---------- EXERCISE MATERIALS

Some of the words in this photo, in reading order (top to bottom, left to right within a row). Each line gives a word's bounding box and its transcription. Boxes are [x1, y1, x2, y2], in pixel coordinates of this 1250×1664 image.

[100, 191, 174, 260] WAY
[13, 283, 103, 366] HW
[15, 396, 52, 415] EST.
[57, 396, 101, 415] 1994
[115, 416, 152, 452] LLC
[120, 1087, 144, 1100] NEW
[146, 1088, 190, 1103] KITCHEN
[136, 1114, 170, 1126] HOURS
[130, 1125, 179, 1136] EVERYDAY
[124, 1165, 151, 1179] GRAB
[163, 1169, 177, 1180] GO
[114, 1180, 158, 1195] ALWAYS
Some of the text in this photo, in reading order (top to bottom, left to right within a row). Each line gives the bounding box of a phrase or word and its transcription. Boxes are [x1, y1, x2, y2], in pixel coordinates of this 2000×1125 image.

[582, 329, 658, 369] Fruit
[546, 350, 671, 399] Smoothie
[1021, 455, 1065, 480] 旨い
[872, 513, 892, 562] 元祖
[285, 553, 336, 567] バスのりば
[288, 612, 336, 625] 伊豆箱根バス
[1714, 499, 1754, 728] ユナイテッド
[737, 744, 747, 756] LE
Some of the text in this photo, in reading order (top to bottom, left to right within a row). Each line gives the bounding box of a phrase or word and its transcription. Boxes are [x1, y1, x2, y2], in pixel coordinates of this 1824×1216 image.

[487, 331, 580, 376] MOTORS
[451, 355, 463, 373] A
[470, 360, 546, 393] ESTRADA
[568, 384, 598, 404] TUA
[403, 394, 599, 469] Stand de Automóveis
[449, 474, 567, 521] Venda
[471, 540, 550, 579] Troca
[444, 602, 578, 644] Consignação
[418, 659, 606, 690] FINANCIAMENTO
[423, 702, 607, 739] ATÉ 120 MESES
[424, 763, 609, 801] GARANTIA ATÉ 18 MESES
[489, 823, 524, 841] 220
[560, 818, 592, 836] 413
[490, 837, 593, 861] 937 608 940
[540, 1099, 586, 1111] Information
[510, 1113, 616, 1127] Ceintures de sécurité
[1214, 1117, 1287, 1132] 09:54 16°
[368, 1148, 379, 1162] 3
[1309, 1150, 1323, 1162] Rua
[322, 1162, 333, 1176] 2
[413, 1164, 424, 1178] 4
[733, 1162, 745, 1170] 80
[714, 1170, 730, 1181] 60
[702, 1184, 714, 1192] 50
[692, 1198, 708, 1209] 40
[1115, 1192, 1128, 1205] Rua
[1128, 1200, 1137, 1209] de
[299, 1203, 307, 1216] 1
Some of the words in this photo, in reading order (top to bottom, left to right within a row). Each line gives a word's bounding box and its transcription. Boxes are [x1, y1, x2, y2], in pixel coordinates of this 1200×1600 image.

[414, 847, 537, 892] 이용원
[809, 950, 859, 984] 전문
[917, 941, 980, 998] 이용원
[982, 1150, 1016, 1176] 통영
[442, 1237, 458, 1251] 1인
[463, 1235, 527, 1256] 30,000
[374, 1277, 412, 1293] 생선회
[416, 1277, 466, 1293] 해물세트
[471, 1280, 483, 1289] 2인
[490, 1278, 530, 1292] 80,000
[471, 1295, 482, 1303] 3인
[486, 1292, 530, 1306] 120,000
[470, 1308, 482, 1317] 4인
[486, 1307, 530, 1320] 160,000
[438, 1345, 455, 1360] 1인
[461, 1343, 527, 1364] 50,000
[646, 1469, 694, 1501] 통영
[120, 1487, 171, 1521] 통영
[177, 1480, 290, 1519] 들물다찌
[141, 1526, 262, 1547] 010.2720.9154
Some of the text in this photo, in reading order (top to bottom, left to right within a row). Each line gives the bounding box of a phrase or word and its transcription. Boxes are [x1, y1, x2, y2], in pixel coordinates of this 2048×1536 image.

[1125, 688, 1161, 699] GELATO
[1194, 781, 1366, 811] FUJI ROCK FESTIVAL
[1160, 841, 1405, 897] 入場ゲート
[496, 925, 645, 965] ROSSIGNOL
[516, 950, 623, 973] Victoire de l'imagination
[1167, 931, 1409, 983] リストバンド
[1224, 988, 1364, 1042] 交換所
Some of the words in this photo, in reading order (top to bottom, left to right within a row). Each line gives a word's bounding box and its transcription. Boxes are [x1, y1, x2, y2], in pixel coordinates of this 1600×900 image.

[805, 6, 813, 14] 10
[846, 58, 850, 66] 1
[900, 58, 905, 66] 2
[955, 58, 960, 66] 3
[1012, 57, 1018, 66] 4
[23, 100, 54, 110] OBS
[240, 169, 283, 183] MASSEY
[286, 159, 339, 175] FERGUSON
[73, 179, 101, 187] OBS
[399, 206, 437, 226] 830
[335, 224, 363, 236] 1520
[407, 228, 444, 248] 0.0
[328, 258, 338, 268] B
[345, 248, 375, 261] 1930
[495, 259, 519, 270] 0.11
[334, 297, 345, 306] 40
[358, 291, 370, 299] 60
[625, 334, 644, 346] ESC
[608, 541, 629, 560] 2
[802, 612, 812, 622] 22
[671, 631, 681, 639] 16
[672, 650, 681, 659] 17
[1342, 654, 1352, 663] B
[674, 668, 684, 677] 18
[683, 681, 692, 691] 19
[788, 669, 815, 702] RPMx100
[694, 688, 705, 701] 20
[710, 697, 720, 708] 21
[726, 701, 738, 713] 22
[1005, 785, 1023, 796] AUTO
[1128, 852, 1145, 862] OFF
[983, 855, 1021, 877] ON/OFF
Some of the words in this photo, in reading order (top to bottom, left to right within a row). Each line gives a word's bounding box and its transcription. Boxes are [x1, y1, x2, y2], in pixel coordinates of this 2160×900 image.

--------------------

Restate the records above verbatim, omitting no line.

Some of the words in this photo, in reading order (top to bottom, left to right within a row). Each line gives a word's bounding box and its transcription. Boxes are [x1, y1, x2, y2], in pixel coordinates of this 1250×1664 image.

[100, 191, 174, 260] WAY
[13, 283, 103, 366] HW
[15, 396, 52, 415] EST.
[57, 396, 101, 415] 1994
[115, 416, 152, 452] LLC
[120, 1087, 144, 1100] NEW
[146, 1088, 190, 1103] KITCHEN
[136, 1114, 170, 1126] HOURS
[130, 1125, 179, 1136] EVERYDAY
[124, 1165, 151, 1179] GRAB
[163, 1169, 177, 1180] GO
[114, 1180, 158, 1195] ALWAYS
Some of the text in this photo, in reading order (top to bottom, left to right within a row). Each line gives the bounding box of a phrase or word and its transcription. Boxes are [x1, y1, x2, y2], in pixel coordinates of this 2000×1125 image.

[582, 329, 658, 369] Fruit
[546, 350, 671, 399] Smoothie
[1021, 455, 1065, 480] 旨い
[872, 513, 892, 562] 元祖
[285, 553, 336, 567] バスのりば
[288, 612, 336, 625] 伊豆箱根バス
[1714, 499, 1754, 728] ユナイテッド
[737, 744, 747, 756] LE
Some of the text in this photo, in reading order (top to bottom, left to right within a row). Each line gives the bounding box of a phrase or word and its transcription. Boxes are [x1, y1, x2, y2], in pixel coordinates of this 1824×1216 image.

[487, 331, 580, 376] MOTORS
[451, 355, 463, 373] A
[470, 360, 546, 393] ESTRADA
[568, 384, 598, 404] TUA
[403, 394, 599, 469] Stand de Automóveis
[449, 474, 567, 521] Venda
[471, 540, 550, 579] Troca
[444, 602, 578, 644] Consignação
[418, 659, 606, 690] FINANCIAMENTO
[423, 702, 607, 739] ATÉ 120 MESES
[424, 763, 609, 801] GARANTIA ATÉ 18 MESES
[489, 823, 524, 841] 220
[560, 818, 592, 836] 413
[490, 837, 593, 861] 937 608 940
[540, 1099, 586, 1111] Information
[510, 1113, 616, 1127] Ceintures de sécurité
[1214, 1117, 1287, 1132] 09:54 16°
[368, 1148, 379, 1162] 3
[1309, 1150, 1323, 1162] Rua
[322, 1162, 333, 1176] 2
[413, 1164, 424, 1178] 4
[733, 1162, 745, 1170] 80
[714, 1170, 730, 1181] 60
[702, 1184, 714, 1192] 50
[692, 1198, 708, 1209] 40
[1115, 1192, 1128, 1205] Rua
[1128, 1200, 1137, 1209] de
[299, 1203, 307, 1216] 1
Some of the words in this photo, in reading order (top to bottom, left to right within a row). Each line gives a word's bounding box and its transcription. Boxes are [x1, y1, x2, y2], in pixel coordinates of this 1200×1600 image.

[414, 847, 537, 892] 이용원
[809, 950, 859, 984] 전문
[917, 941, 980, 998] 이용원
[982, 1150, 1016, 1176] 통영
[442, 1237, 458, 1251] 1인
[463, 1235, 527, 1256] 30,000
[374, 1277, 412, 1293] 생선회
[416, 1277, 466, 1293] 해물세트
[471, 1280, 483, 1289] 2인
[490, 1278, 530, 1292] 80,000
[471, 1295, 482, 1303] 3인
[486, 1292, 530, 1306] 120,000
[470, 1308, 482, 1317] 4인
[486, 1307, 530, 1320] 160,000
[438, 1345, 455, 1360] 1인
[461, 1343, 527, 1364] 50,000
[646, 1469, 694, 1501] 통영
[120, 1487, 171, 1521] 통영
[177, 1480, 290, 1519] 들물다찌
[141, 1526, 262, 1547] 010.2720.9154
Some of the text in this photo, in reading order (top to bottom, left to right within a row). Each line gives the bounding box of a phrase or word and its transcription. Boxes are [x1, y1, x2, y2], in pixel coordinates of this 2048×1536 image.

[1125, 688, 1161, 699] GELATO
[1194, 781, 1366, 811] FUJI ROCK FESTIVAL
[1160, 841, 1405, 897] 入場ゲート
[496, 925, 645, 965] ROSSIGNOL
[516, 950, 623, 973] Victoire de l'imagination
[1167, 931, 1409, 983] リストバンド
[1224, 988, 1364, 1042] 交換所
Some of the words in this photo, in reading order (top to bottom, left to right within a row). Each line gives a word's bounding box and its transcription. Boxes are [x1, y1, x2, y2], in pixel coordinates of this 1600×900 image.

[805, 6, 813, 14] 10
[846, 58, 850, 66] 1
[900, 58, 905, 66] 2
[955, 58, 960, 66] 3
[1012, 57, 1018, 66] 4
[23, 100, 54, 110] OBS
[240, 169, 283, 183] MASSEY
[286, 159, 339, 175] FERGUSON
[73, 179, 101, 187] OBS
[399, 206, 437, 226] 830
[335, 224, 363, 236] 1520
[407, 228, 444, 248] 0.0
[328, 258, 338, 268] B
[345, 248, 375, 261] 1930
[495, 259, 519, 270] 0.11
[334, 297, 345, 306] 40
[358, 291, 370, 299] 60
[625, 334, 644, 346] ESC
[608, 541, 629, 560] 2
[802, 612, 812, 622] 22
[671, 631, 681, 639] 16
[672, 650, 681, 659] 17
[1342, 654, 1352, 663] B
[674, 668, 684, 677] 18
[683, 681, 692, 691] 19
[788, 669, 815, 702] RPMx100
[694, 688, 705, 701] 20
[710, 697, 720, 708] 21
[726, 701, 738, 713] 22
[1005, 785, 1023, 796] AUTO
[1128, 852, 1145, 862] OFF
[983, 855, 1021, 877] ON/OFF
Some of the words in this photo, in reading order (top to bottom, left to right within a row). Each line gives a word's bounding box and its transcription. Boxes are [x1, y1, x2, y2], in pixel coordinates of this 2160×900 image.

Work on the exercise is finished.